Stephen Cornford’s ‘Constant Linear Velocity’ appeared originally as an assemblage of defunct personal computer hardware, set up in various cultural nodes across Europe between 2016 and 2018. With its physical components disappearing in transit following a particularly ambitious installation at the Detritus festival in Athens last year, all that’s left is this evocative soundtrack of drive-motor whirrs, mournful beeps and circuit board whines.

Obviously the lack of its material elements – more than 100 empty computer cases, fitted with 16 customised and automated DVD drives – robs ‘Constant Linear Velocity’ of some of its melancholy tangibility. But the two tracks that remain are compelling enough, both pieces channelling sufficient detail and dynamism to work as as electroacoustic compositions in their own right.

‘Constant Linear Velocity’ (can we call it a title track?) is a low-key delight, the panoply of buzzes, chirrups and squishes creating its own mechanoid ecosystem in fine David Tudor style. ‘Eject Mechanisms & Broken Drives’, meanwhile, grunts and moans with the gripey vigour of a malware-infected toilet. A headachey hum swaddles ratchety clonks and languid heaves in its grey fog, its stubbornness evoking a thousand office workers in maximum switch-it-off-and-on-again frustration.

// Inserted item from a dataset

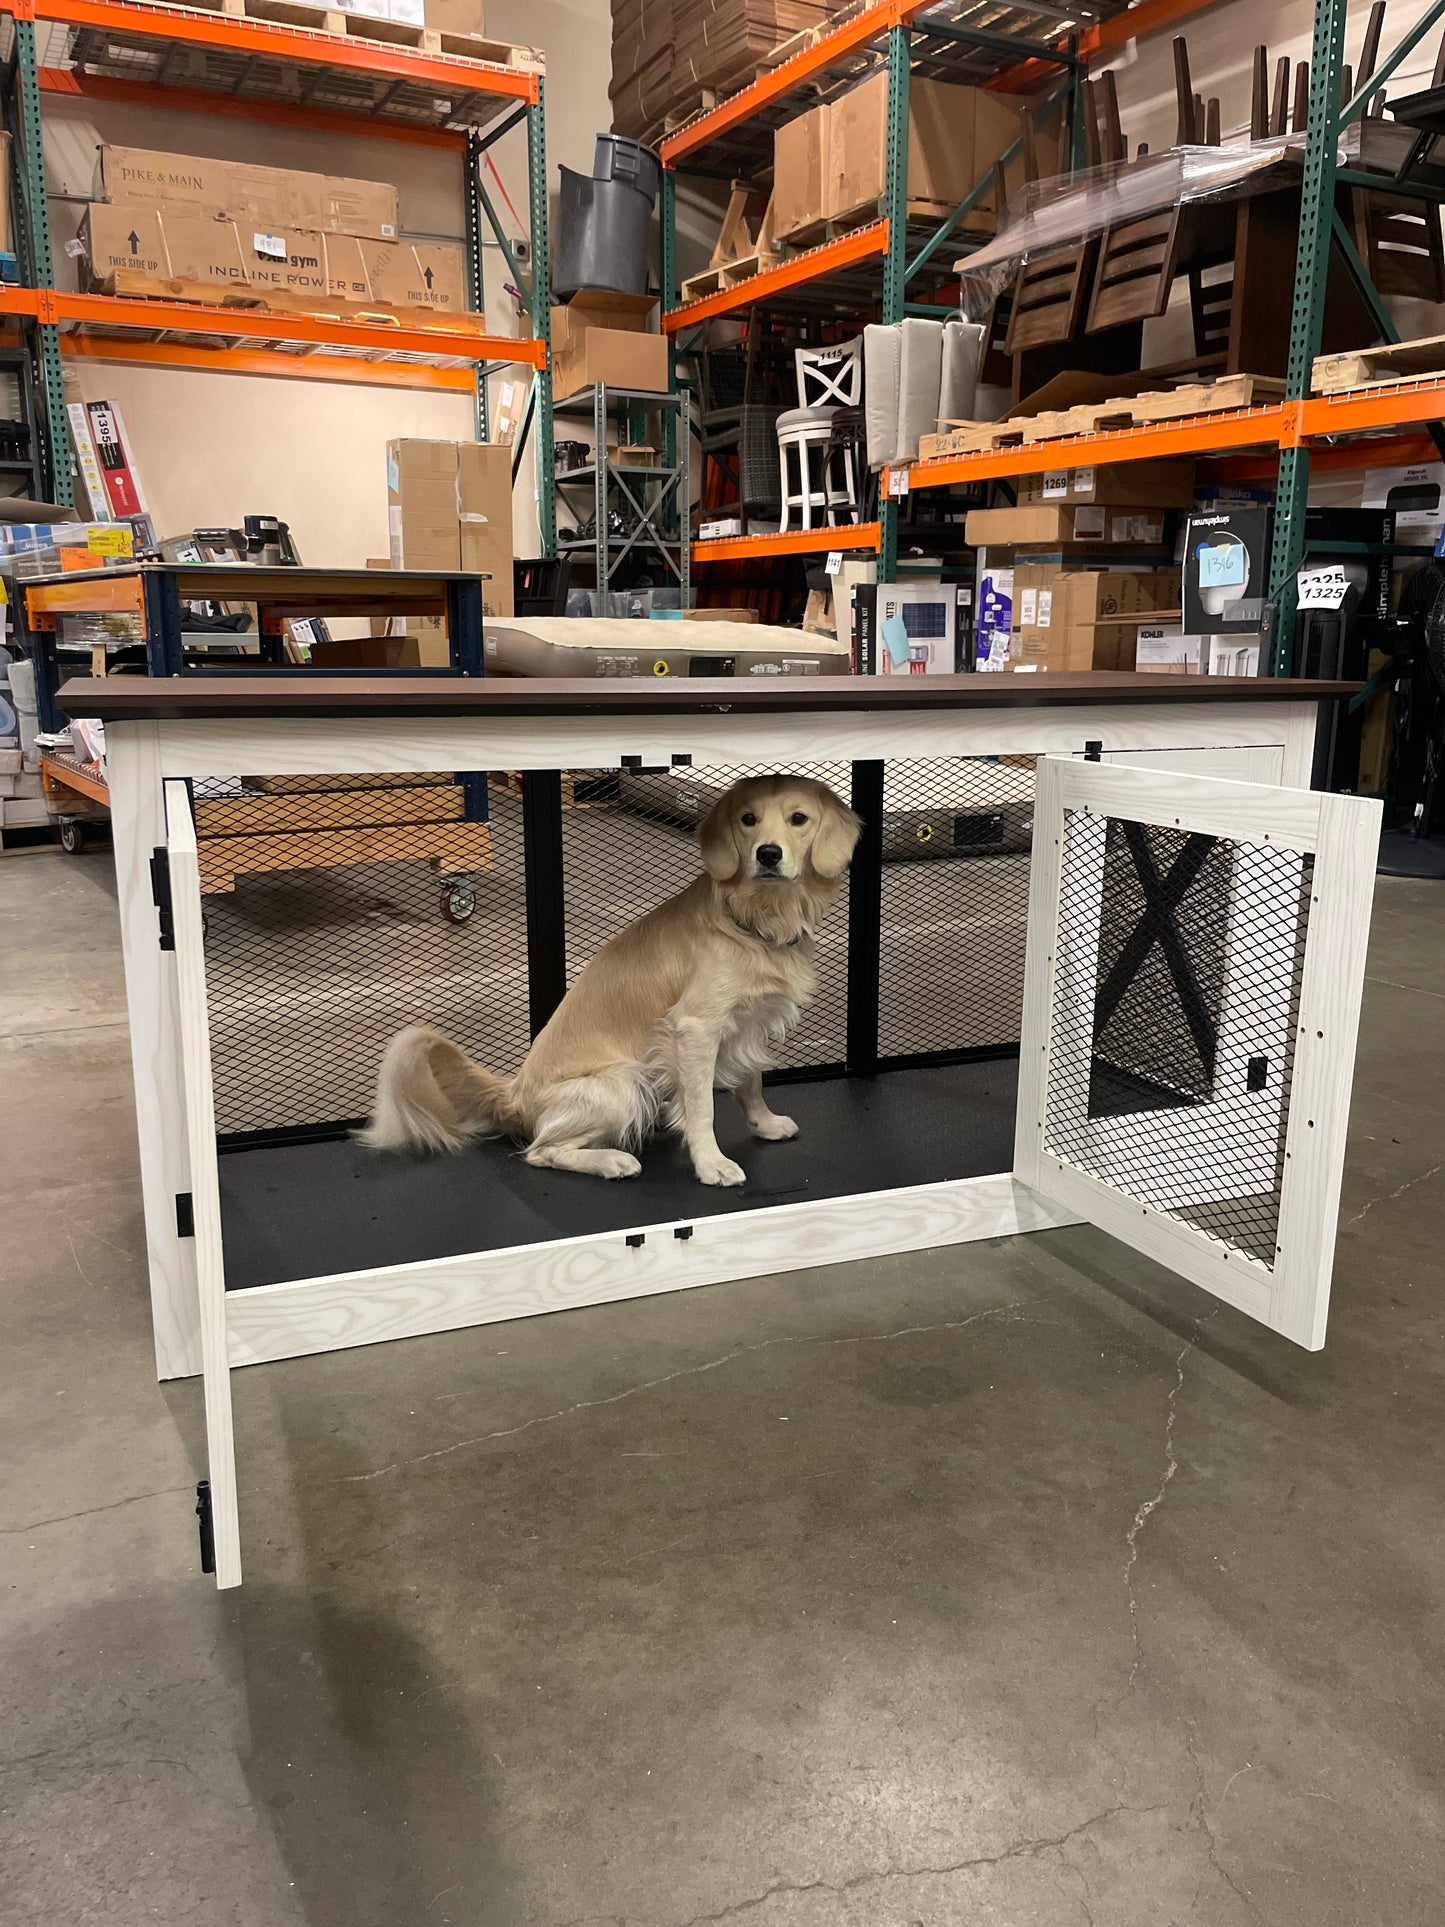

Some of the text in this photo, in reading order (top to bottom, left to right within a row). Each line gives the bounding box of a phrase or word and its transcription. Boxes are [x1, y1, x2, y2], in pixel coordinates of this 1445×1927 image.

In fact these cuts become even more enticing when viewed as jumping-off points for meditations about the hidden tangibility of our networked society. Despite its bodiless speed and protean ability to morph into words and images, data still requires a physical infrastructure in order to function properly – one that, in turn, depends upon resource extraction, globalised precariat labour and non-stop accumulation of plastic waste and other pollutants. These casings, circuit boards, USB ports and disk drives may have vanished from Cornford’s work. But that doesn’t mean they won’t be clogging up a recycling facility or waste dump somewhere, obsolete signifiers of a tech-obsessed Anthropocene that will be hanging around long after our human bodies have dissolved into the toxic muck.